Un voyage extraordinaire

Hocus Pocus

(c) Philippe Weissbrodt

Fausse jumelle de « Vacuum », la pièce « Hocus Pocus » reprend le dispositif scénique de la première en l’adaptant à un spectacle pour enfants. Leurs débuts sont d’ailleurs similaires, sorte d’imagier où apparaissent des corps morcelés : un bras, un mollet, un poing puis deux, à tel point que durant les dix premières minutes ceux qui ont déjà vu « Vacuum » peuvent se demander s’ils ne se sont pas trompés de spectacle.

Puis rapidement, la représentation bifurque. Là où « Vacuum » était chair triste de peep-show, « Hocus Pocus » se fait casse-tête visuel : comment peut-on voir autant de mains ? Il n’y a pourtant que deux danseurs. Est-ce un bras ? Une jambe ? Oh, une tête ! Tiens, une deuxième ! Et voilà le jeune public embarqué dans une histoire d’amitié telle qu’on n’en connaît que lorsqu’on est petits, une aventure rocambolesque de laquelle on ressort toujours aussi copains, mais un peu plus grands qu’avant, menée tambour battant par les deux héros du jour, Lukas et Victor.

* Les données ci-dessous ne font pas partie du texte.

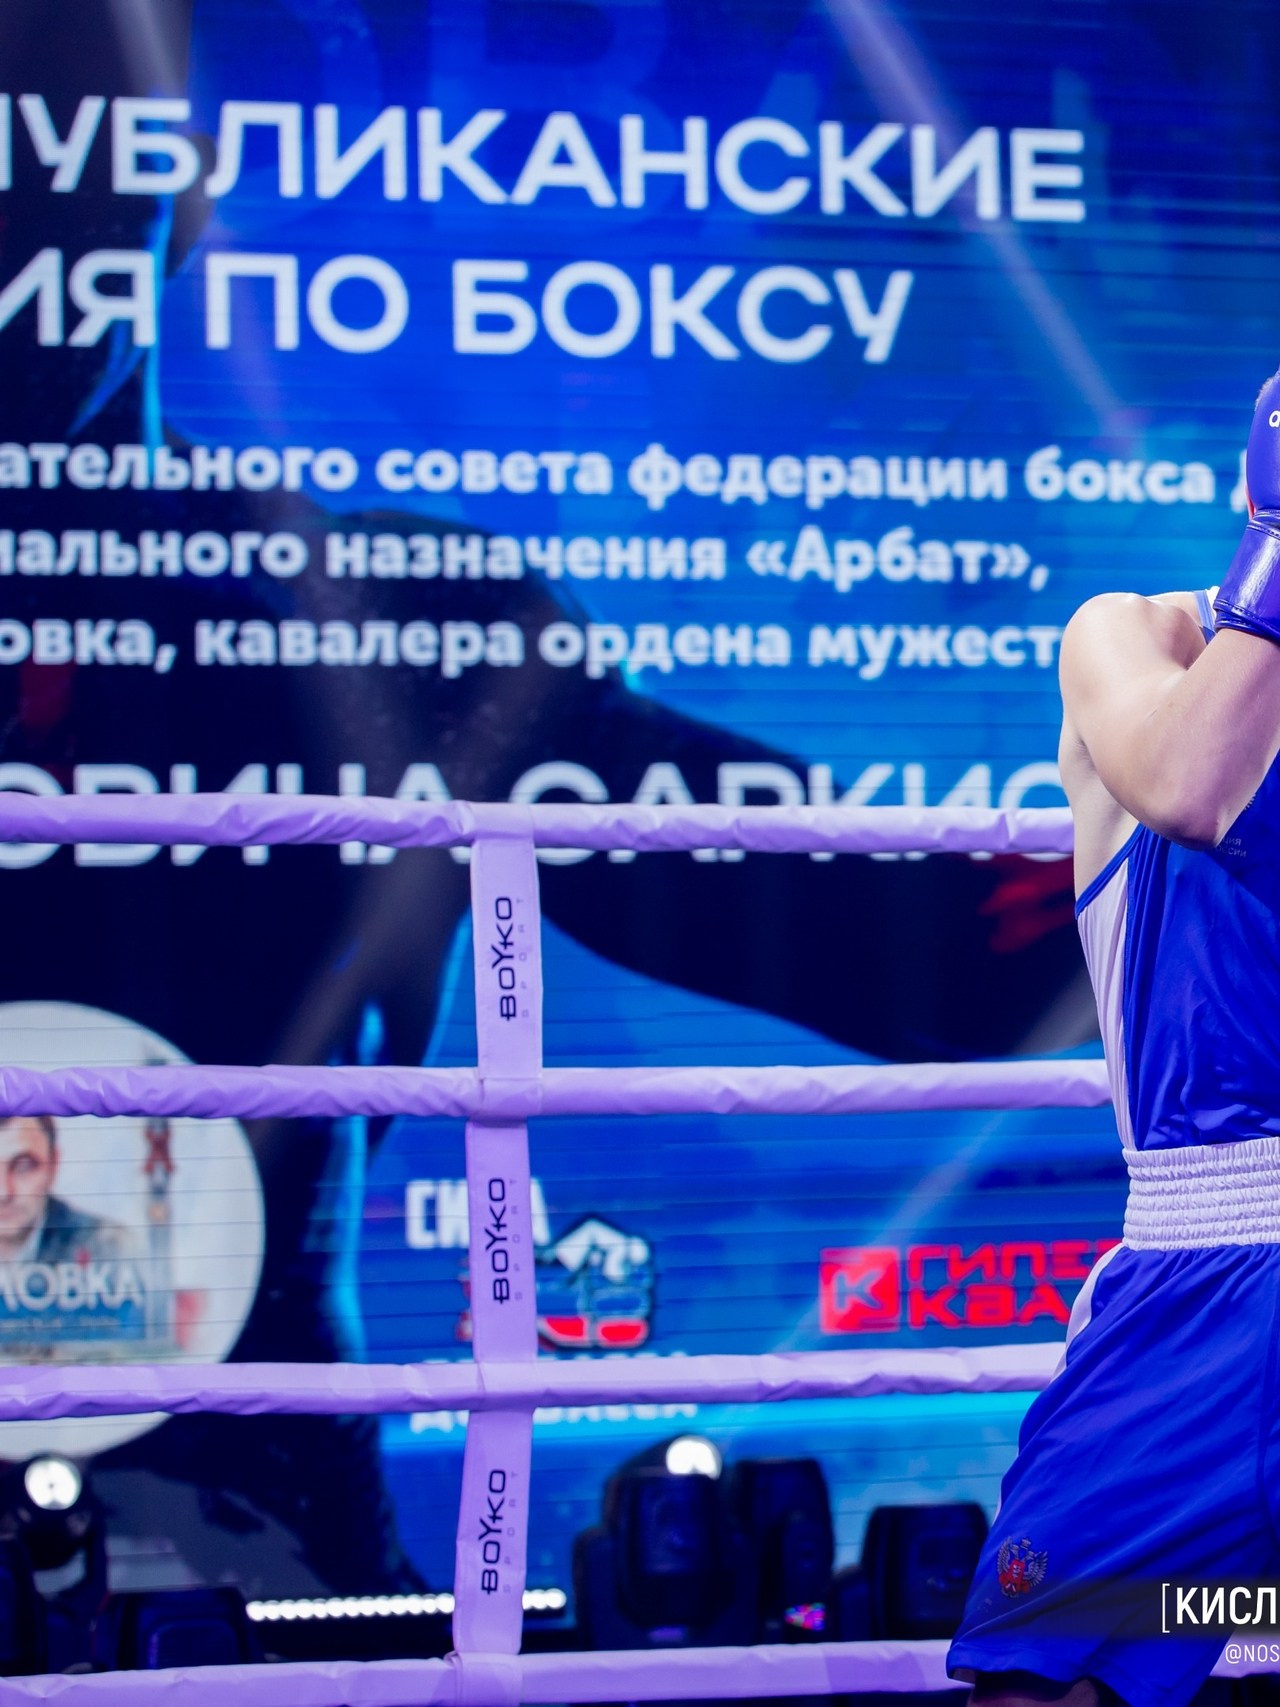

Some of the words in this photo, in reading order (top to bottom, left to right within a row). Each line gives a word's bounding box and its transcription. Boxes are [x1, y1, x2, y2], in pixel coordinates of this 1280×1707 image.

[0, 94, 1086, 222] УБЛИКАНСКИЕ
[205, 252, 409, 353] ПО
[453, 259, 913, 363] БОКСУ
[376, 449, 612, 495] совета
[628, 443, 1008, 509] федерации
[1024, 446, 1215, 503] бокса
[325, 533, 726, 580] назначения
[746, 526, 1049, 593] «Арбат»,
[195, 621, 523, 678] кавалера
[538, 623, 791, 678] ордена
[491, 897, 517, 1021] BOYKO
[484, 1178, 510, 1304] BOYKO
[478, 1469, 506, 1595] BOYKO

Empruntant autant au théâtre de marionnettes qu’à l’univers des fêtes foraines, le dispositif scénique devient tour à tour baraque de guignol, maison hantée et fond marin tandis qu’un jeune garçon part à la recherche de son copain bêtement tombé du ciel. On y croise des fantômes, des baleines, on fait des bras de fer et des bagarres pour de faux pour savoir qui est le plus fort, et surtout, on rigole bien.

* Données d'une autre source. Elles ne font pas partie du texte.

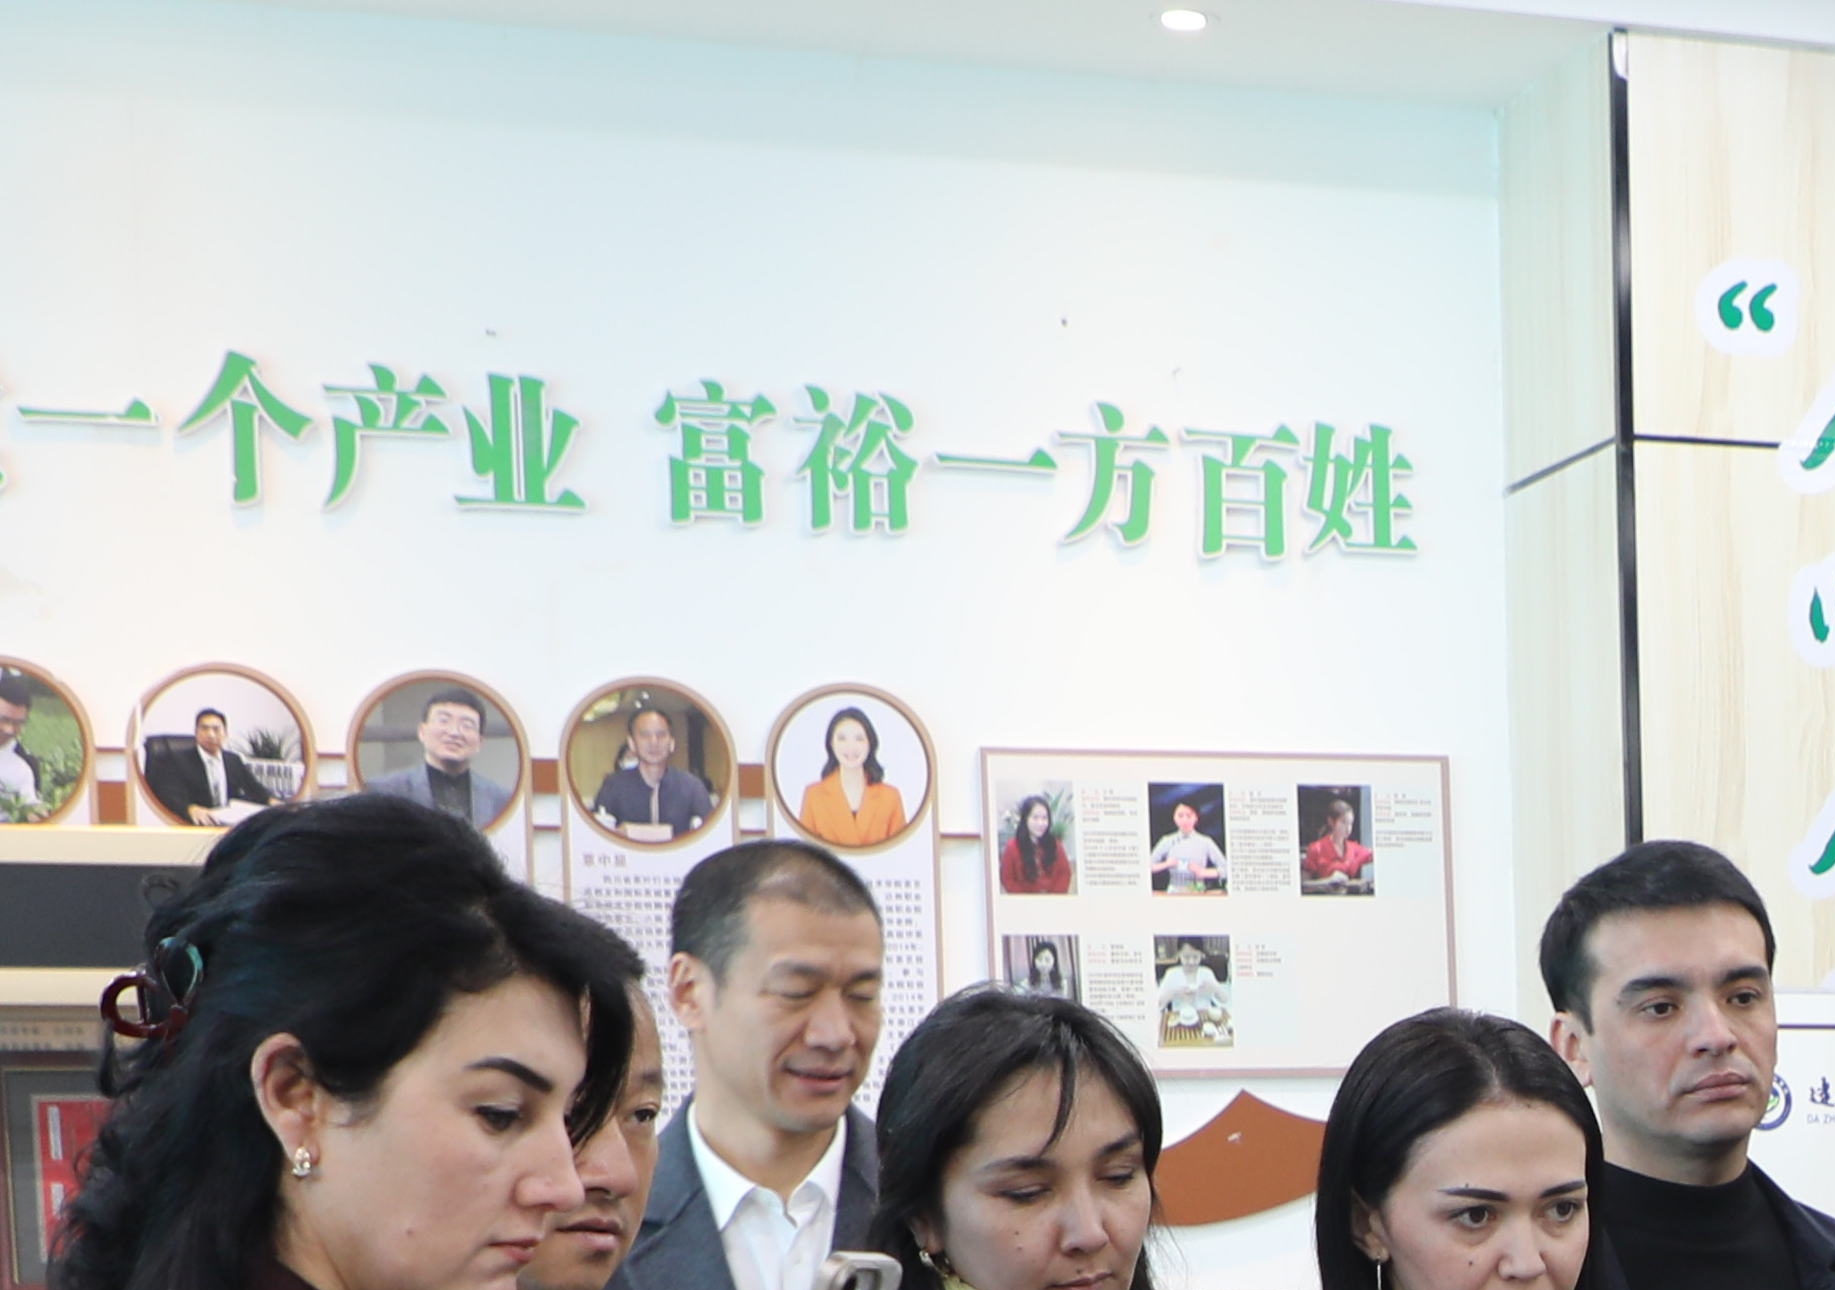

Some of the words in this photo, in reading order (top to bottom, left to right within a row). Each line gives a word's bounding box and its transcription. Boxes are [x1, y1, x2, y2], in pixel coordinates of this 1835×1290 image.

Dans l’univers burlesque de « Hocus Pocus », tout finit au mieux et tout est un peu magique, pour les petits comme pour les grands. Philippe Saire réussit à proposer un spectacle qui est autant un spectacle d’enfants accessible aux adultes qu’un spectacle d’adultes accessible aux enfants. Formule magique par laquelle le merveilleux arrive, « Hocus Pocus » est une quête initiatique bondissante où tout est vrai puisque tout est faux. Un soupçon de Lewis Carroll et de Saint-Exupéry vient parfaire l’intemporalité du spectacle, le colorant de nostalgie pour les adultes tandis que les enfants y verront l’épopée de copains/frangins comme ils en rêvent assurément. Le noir finit presque par en paraître rassurant, car s’il peut cacher des monstres, il peut aussi faire naître des héros.